--- Task directions ---
Pictures excluded, return every entry exactly, please.

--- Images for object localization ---

|---|

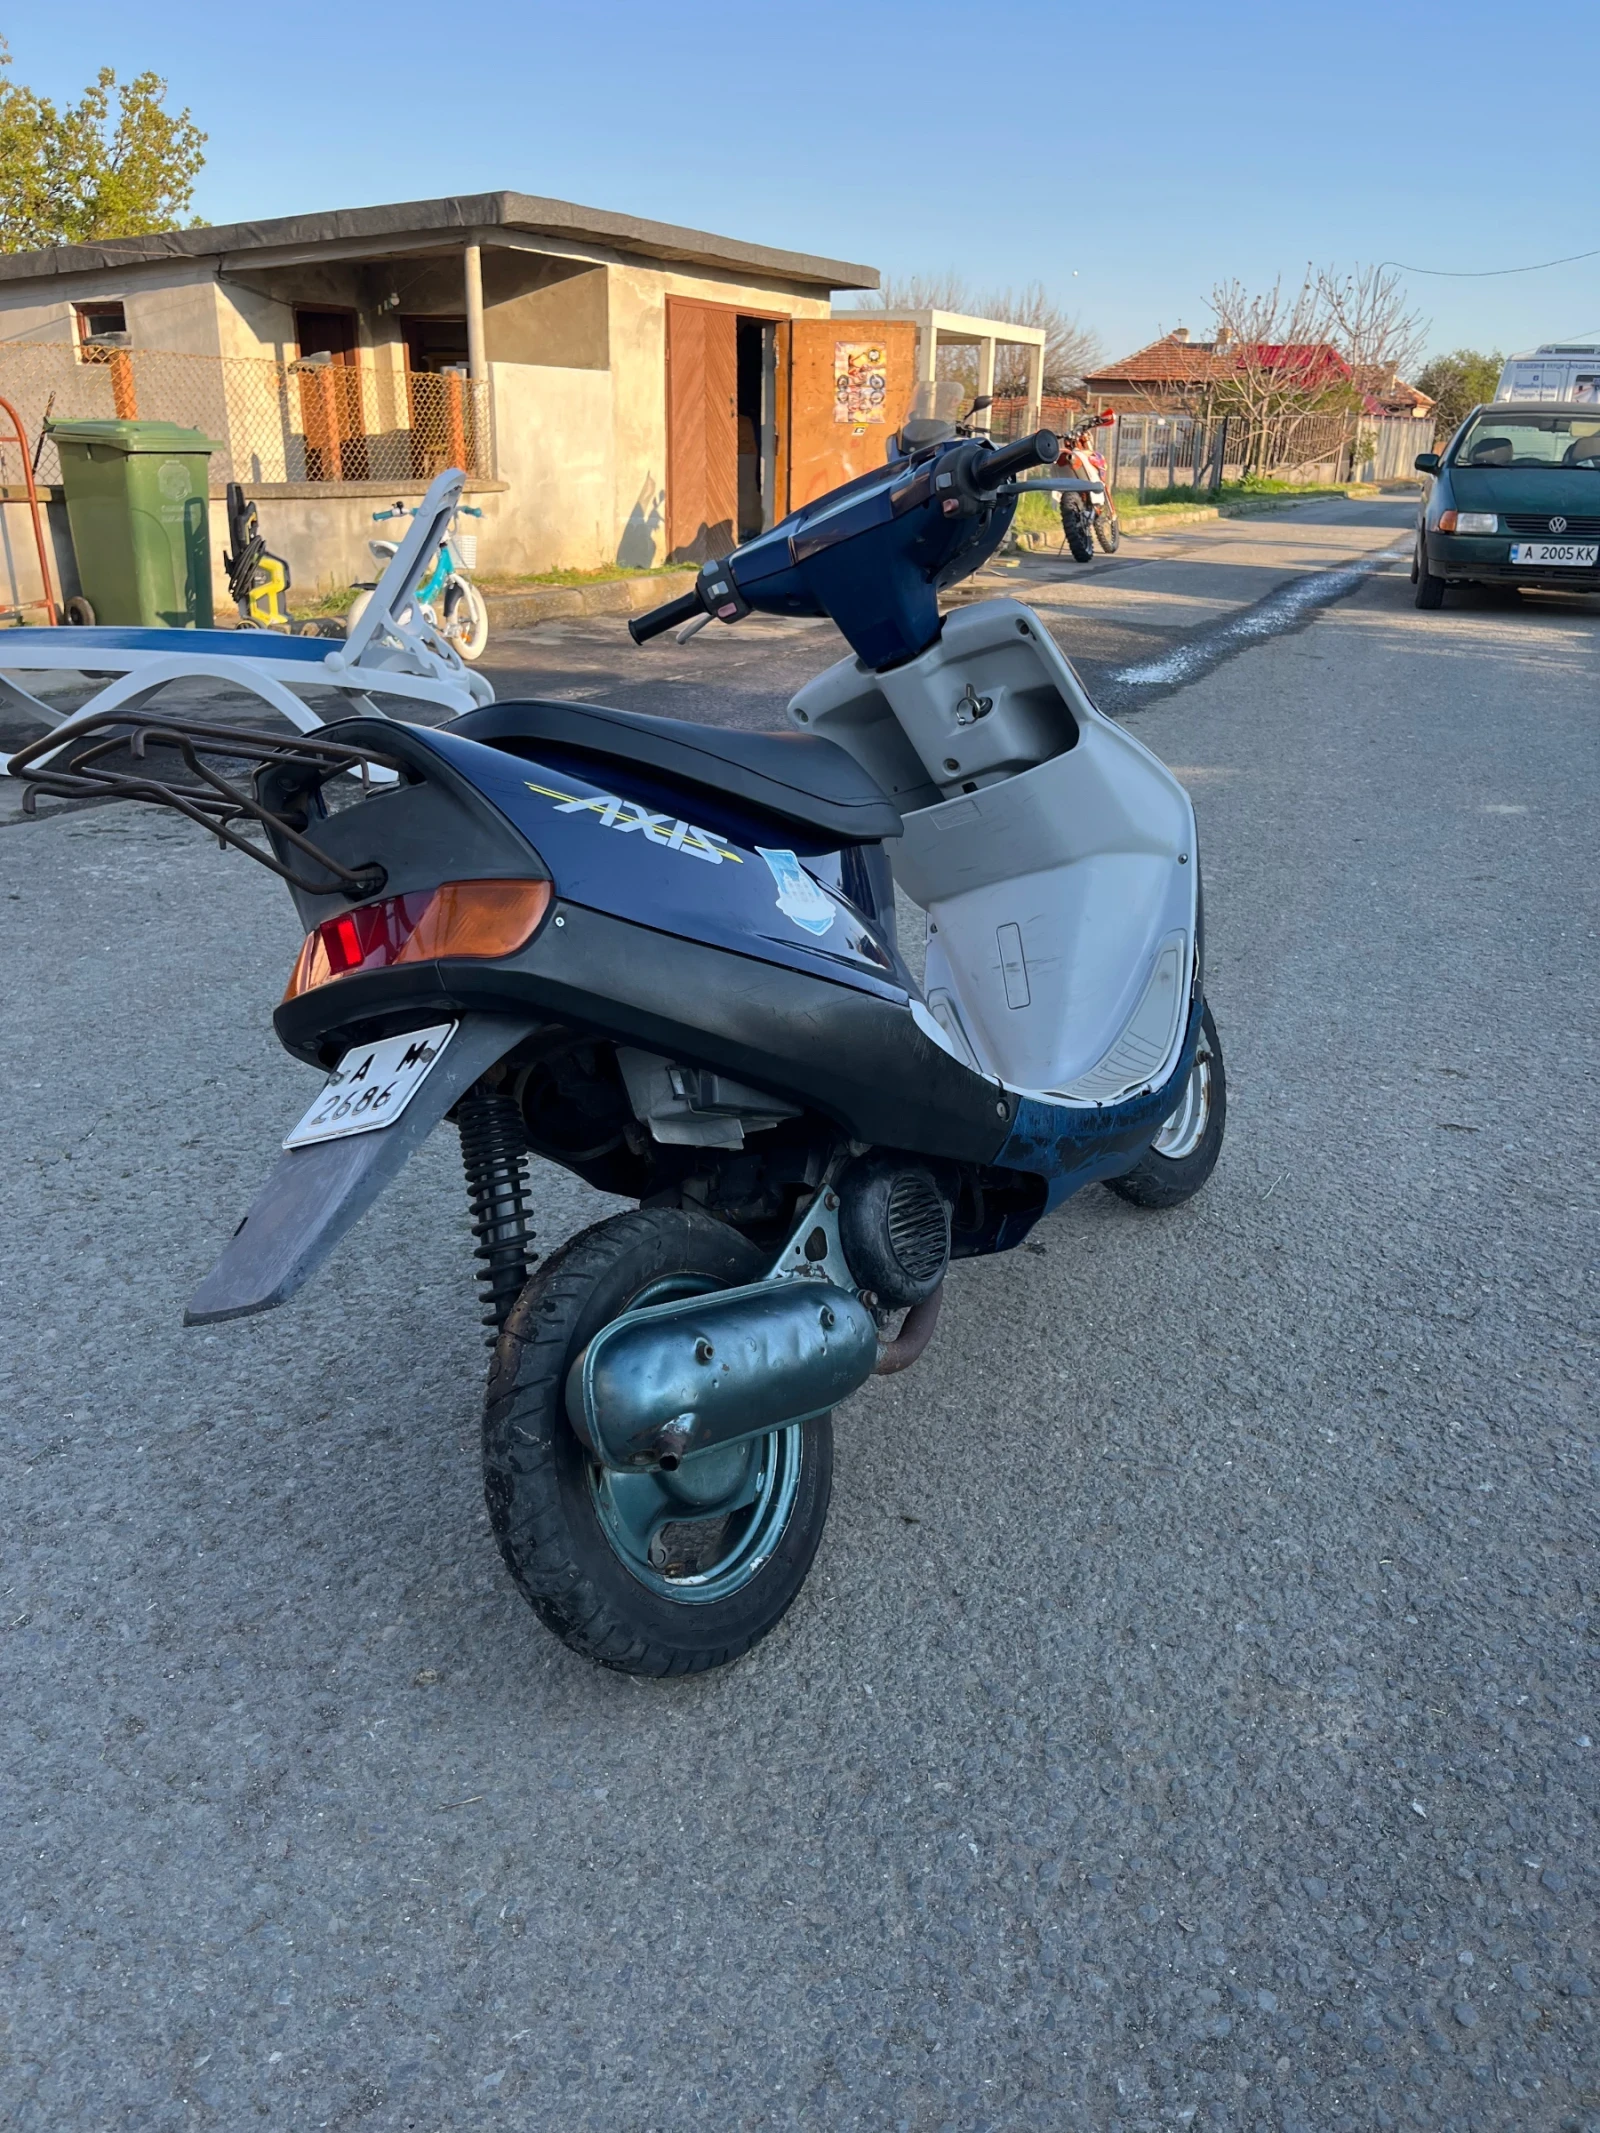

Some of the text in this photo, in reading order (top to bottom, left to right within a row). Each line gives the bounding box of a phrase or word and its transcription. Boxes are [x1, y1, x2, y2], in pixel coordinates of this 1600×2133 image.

[1524, 546, 1596, 561] A 2005 KK
[553, 795, 728, 865] AXIS
[348, 1053, 376, 1085] A
[310, 1081, 397, 1126] 2686

|---|

--- Output of the task ---
Some of the text in this photo, in reading order (top to bottom, left to right within a row). Each line gives the bounding box of a phrase or word and its transcription. Boxes are [x1, y1, x2, y2], in pixel coordinates of this 1600×2133 image.

[1524, 546, 1596, 561] A 2005 KK
[553, 795, 728, 865] AXIS
[348, 1053, 376, 1085] A
[310, 1081, 397, 1126] 2686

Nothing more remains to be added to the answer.